My first delete processed, and the next one that hung immediately restarted: time="2019-08-02T20:42:03Z" level=info msg="CRDUPDATE exist false update" time="2019-08-02T20:42:06Z" level=info msg="Initiating finalizer processing for a SampleResource delete attempt" time="2019-08-02T20:42:06Z" level=info msg="CRDUPDATE remove finalizer update" time="2019-08-02T20:42:09Z" level=info msg="A previous delete attempt has been successfully completed" time="2019-08-02T20:42:09Z" level=info msg="delete of Config recognized" time="2019-08-02T20:42:09Z" level=info msg="Copying secret pull-secret from the openshift-config namespace into the operator's namespace" time="2019-08-02T20:42:09Z" level=info msg="creating default Config" Issue might be related to https://github.com/openshift/cluster-samples-operator/blob/master/pkg/stub/handler.go#L467-L473 ... where we should return an error to initiate retry on the delete processing, where it eventually goes throug after the imports are done. Possibly could also augment https://github.com/openshift/cluster-samples-operator/blob/master/pkg/stub/handler.go#L153-L168 to abort image stream tracking As well as short circuit the upsert paths based on the delete timestamp being set.

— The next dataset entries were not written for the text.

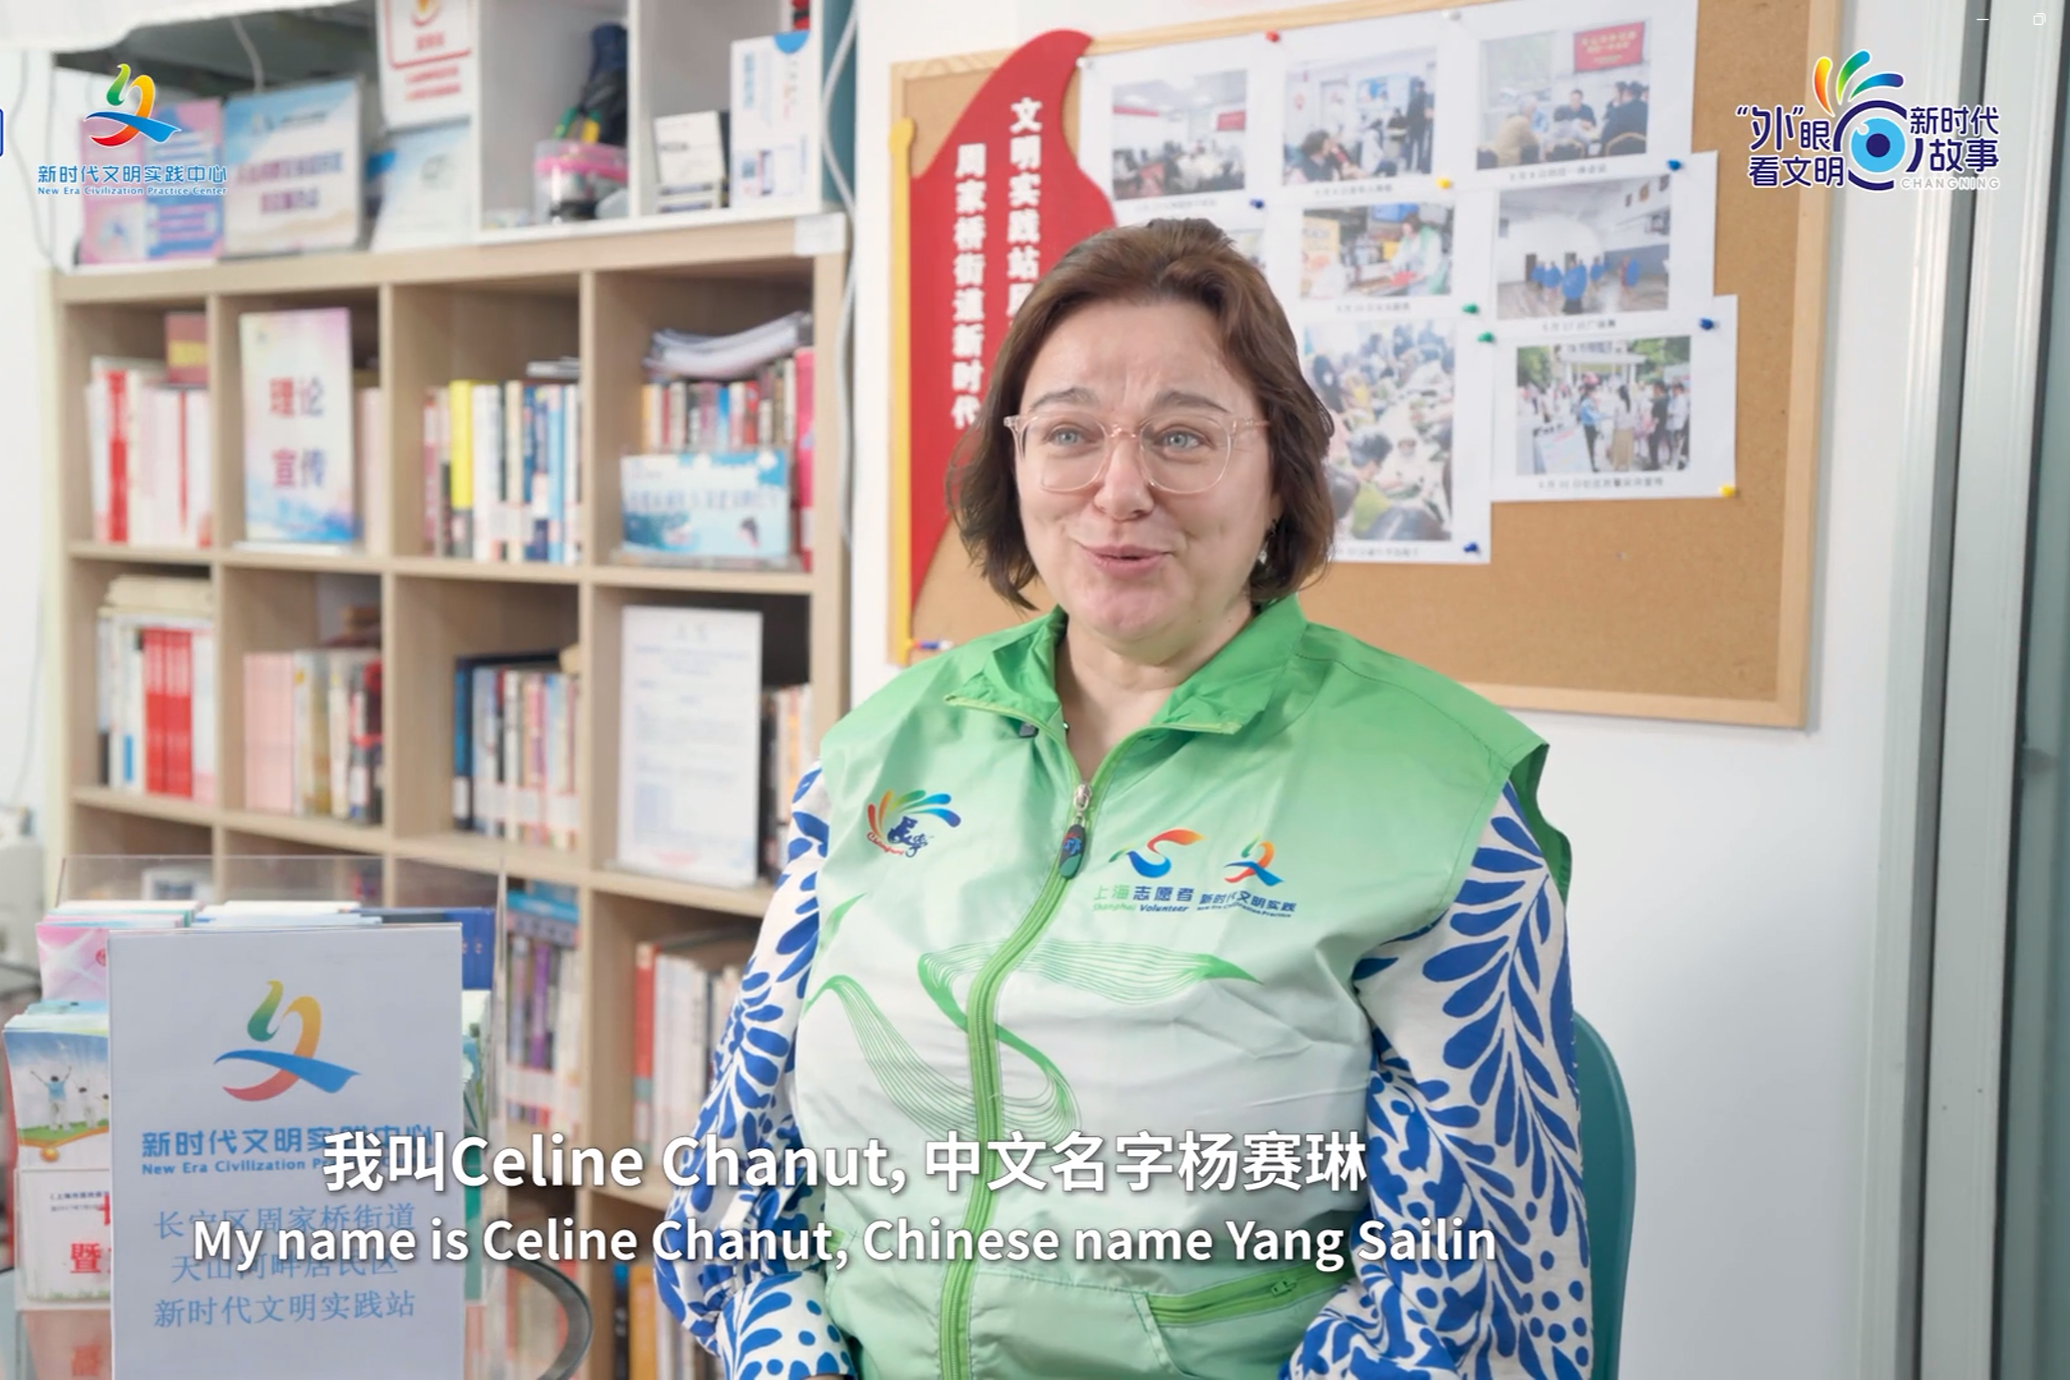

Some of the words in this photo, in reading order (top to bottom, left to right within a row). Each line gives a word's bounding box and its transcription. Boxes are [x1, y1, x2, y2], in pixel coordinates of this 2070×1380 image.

[952, 143, 986, 430] 周家桥街道新时代
[269, 377, 324, 418] 理论
[272, 449, 326, 488] 宣传
[1092, 902, 1137, 912] Shanghai
[1139, 903, 1190, 912] Volunteer
[1198, 890, 1298, 913] 新时代文明实践
[142, 1162, 176, 1175] New
[182, 1161, 208, 1174] Era
[214, 1158, 306, 1173] Civilization
[154, 1289, 416, 1328] 新时代文明实践站

Yeah, you find the rule.. I could reproduce this almost every time. Deleted config.samples.operator frequestly.Then will met this issue when deleted the config config.samples.operator when ImageChangesInProgres is not finished. Conducing ImageChangesInProgres hang on a long time.
OK thanks for the confirm @XiuJuan, and good that we are seeing the same thing I'll be working on the fix today ... I think I have a handle on it.

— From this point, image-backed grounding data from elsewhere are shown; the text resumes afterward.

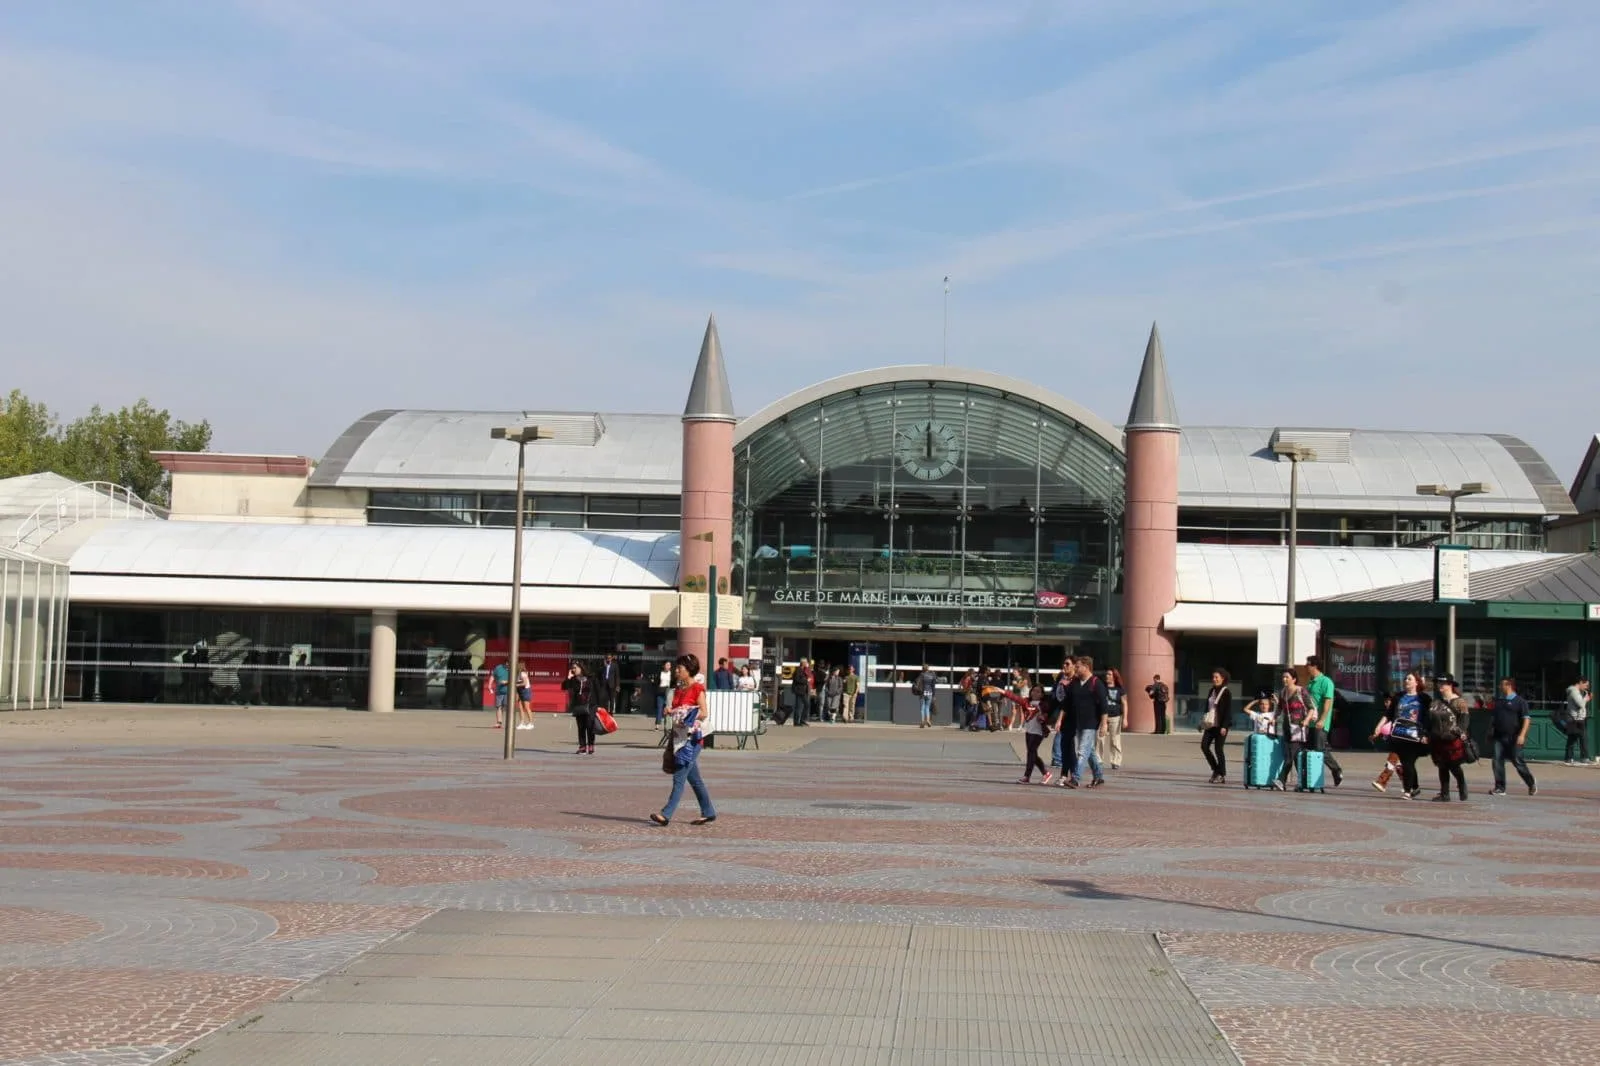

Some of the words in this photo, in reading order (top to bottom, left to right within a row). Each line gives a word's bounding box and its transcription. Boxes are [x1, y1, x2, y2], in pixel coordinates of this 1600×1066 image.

[774, 590, 811, 601] GARE
[817, 591, 833, 602] DE
[840, 592, 889, 604] MARNE
[895, 593, 909, 605] LA
[916, 592, 961, 606] VALLÉE
[968, 595, 1020, 607] CHESSY
[1039, 596, 1065, 605] SNCF

Fix is working for me locally/manually. Working on updating the e2e tests to cover this, and then a PR will be forthcoming.

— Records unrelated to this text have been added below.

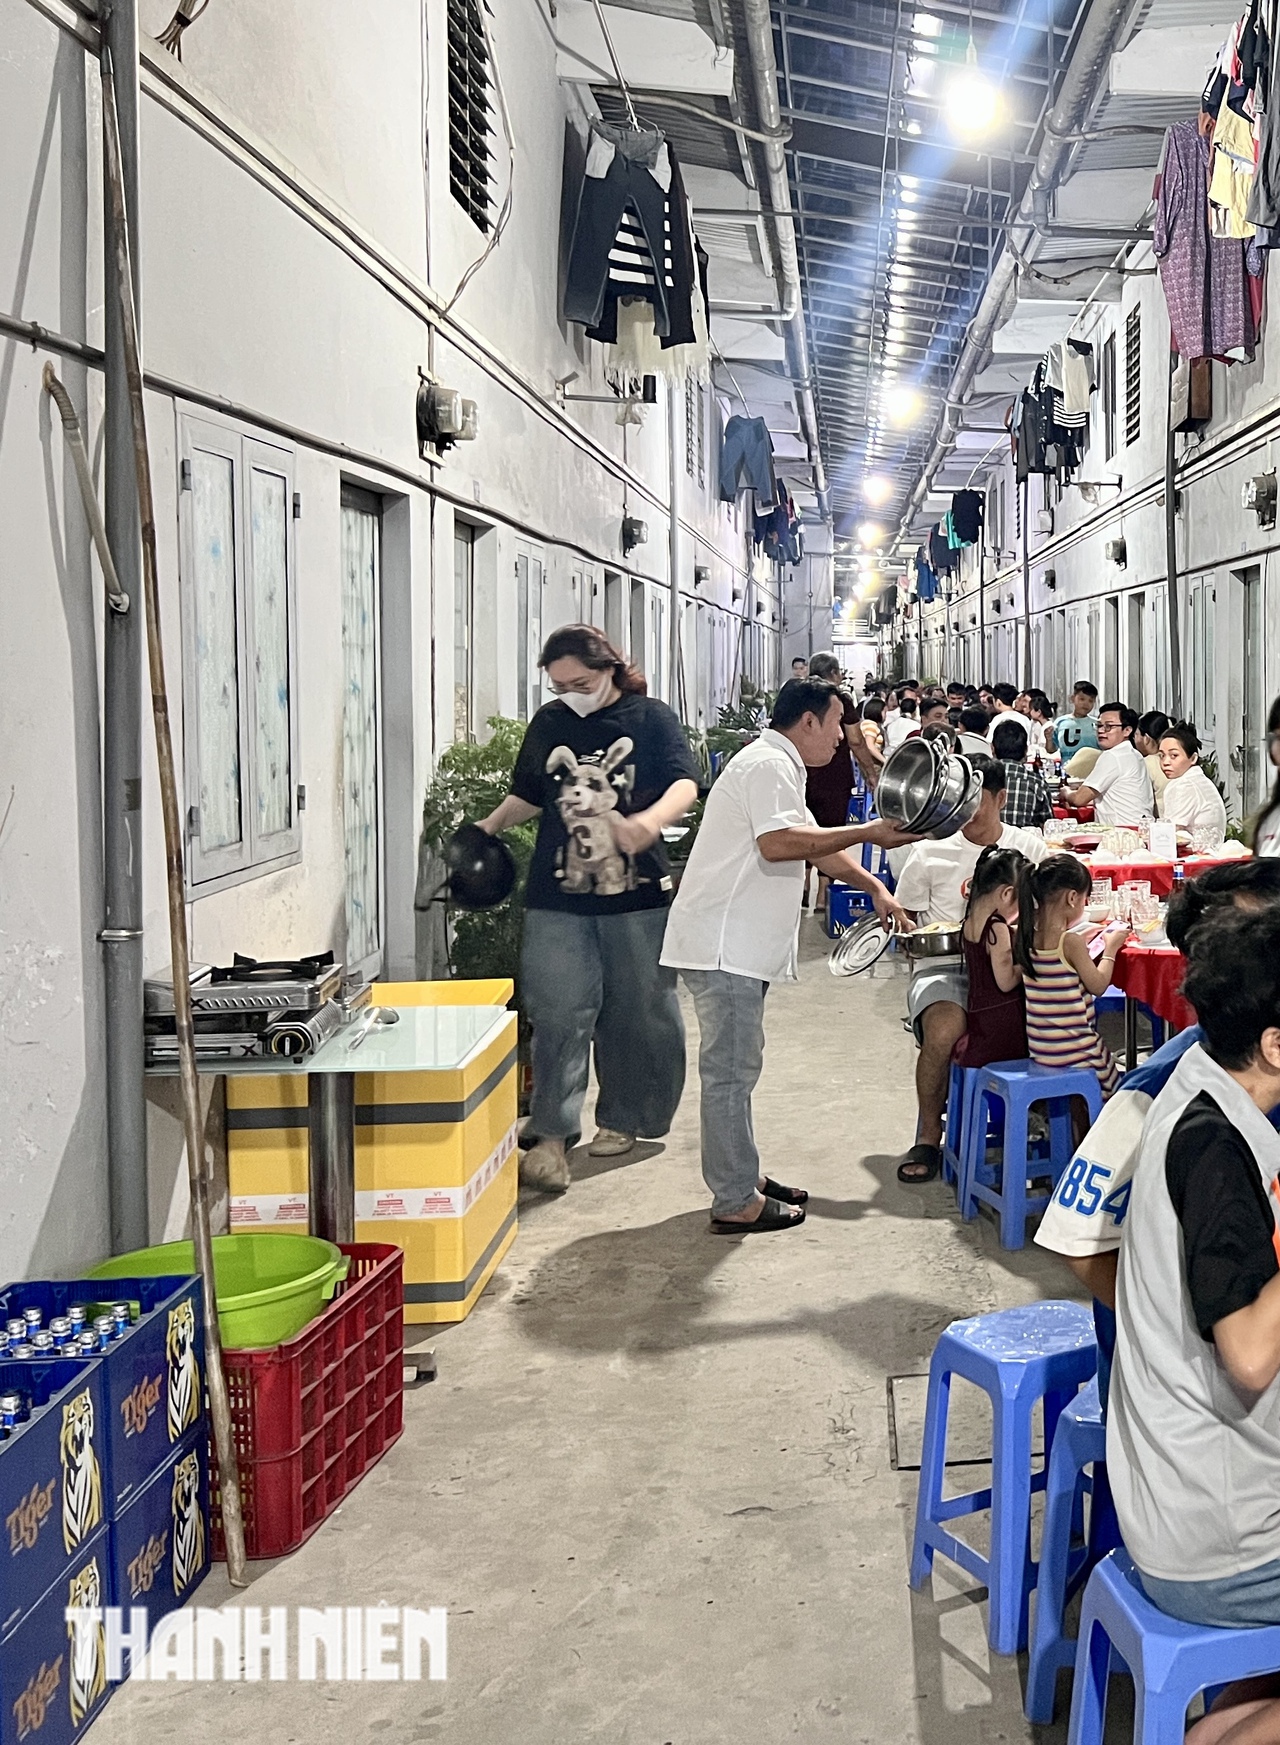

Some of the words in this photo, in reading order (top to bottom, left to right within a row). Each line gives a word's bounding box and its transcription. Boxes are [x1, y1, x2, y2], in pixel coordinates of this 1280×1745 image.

[1053, 1156, 1132, 1226] 854
[121, 1373, 163, 1434] Tiger
[5, 1477, 57, 1549] Tiger
[126, 1529, 169, 1595] Tiger
[12, 1653, 63, 1738] Tiger

@Gabe, Seem I failed to verified this issue. After several deletes config in continuous,the ImageChangesInProgress stuck again. time="2019-08-08T07:20:09Z" level=info msg="Received watch event imagestream/must-gather but not upserting since deletion of the Config is in progress" time="2019-08-08T07:20:09Z" level=info msg="Received watch event imagestream/jboss-webserver50-tomcat9-openshift but not upserting since deletion of the Config is in progress" time="2019-08-08T07:22:11Z" level=error msg="unable to sync: retry secret event because in the middle of an sample upsert cycle, requeuing" time="2019-08-08T07:22:12Z" level=error msg="unable to sync: retry secret event because in the middle of an sample upsert cycle, requeuing" time="2019-08-08T07:22:12Z" level=error msg="unable to sync: A delete attempt has come in while creating samples; initiating retry; creation loop should abort soon, requeuing" $ oc get co openshift-samples -o yaml | grep Progressing -B3 - lastTransitionTime: "2019-08-08T06:43:47Z" message: Samples processing to 4.2.0-0.nightly-2019-08-08-002434 status: "True" type: Progressing $ oc get co openshift-samples NAME VERSION AVAILABLE PROGRESSING DEGRADED SINCE openshift-samples 4.2.0-0.nightly-2019-08-08-002434 True True False 41m Checked in 4.2.0-0.nightly-2019-08-08-002434 payload.
@XiuJuan can you please attach the *FULL* operator pod logs, and the *FULL* configs.samples yaml, when you are able to reproduced this.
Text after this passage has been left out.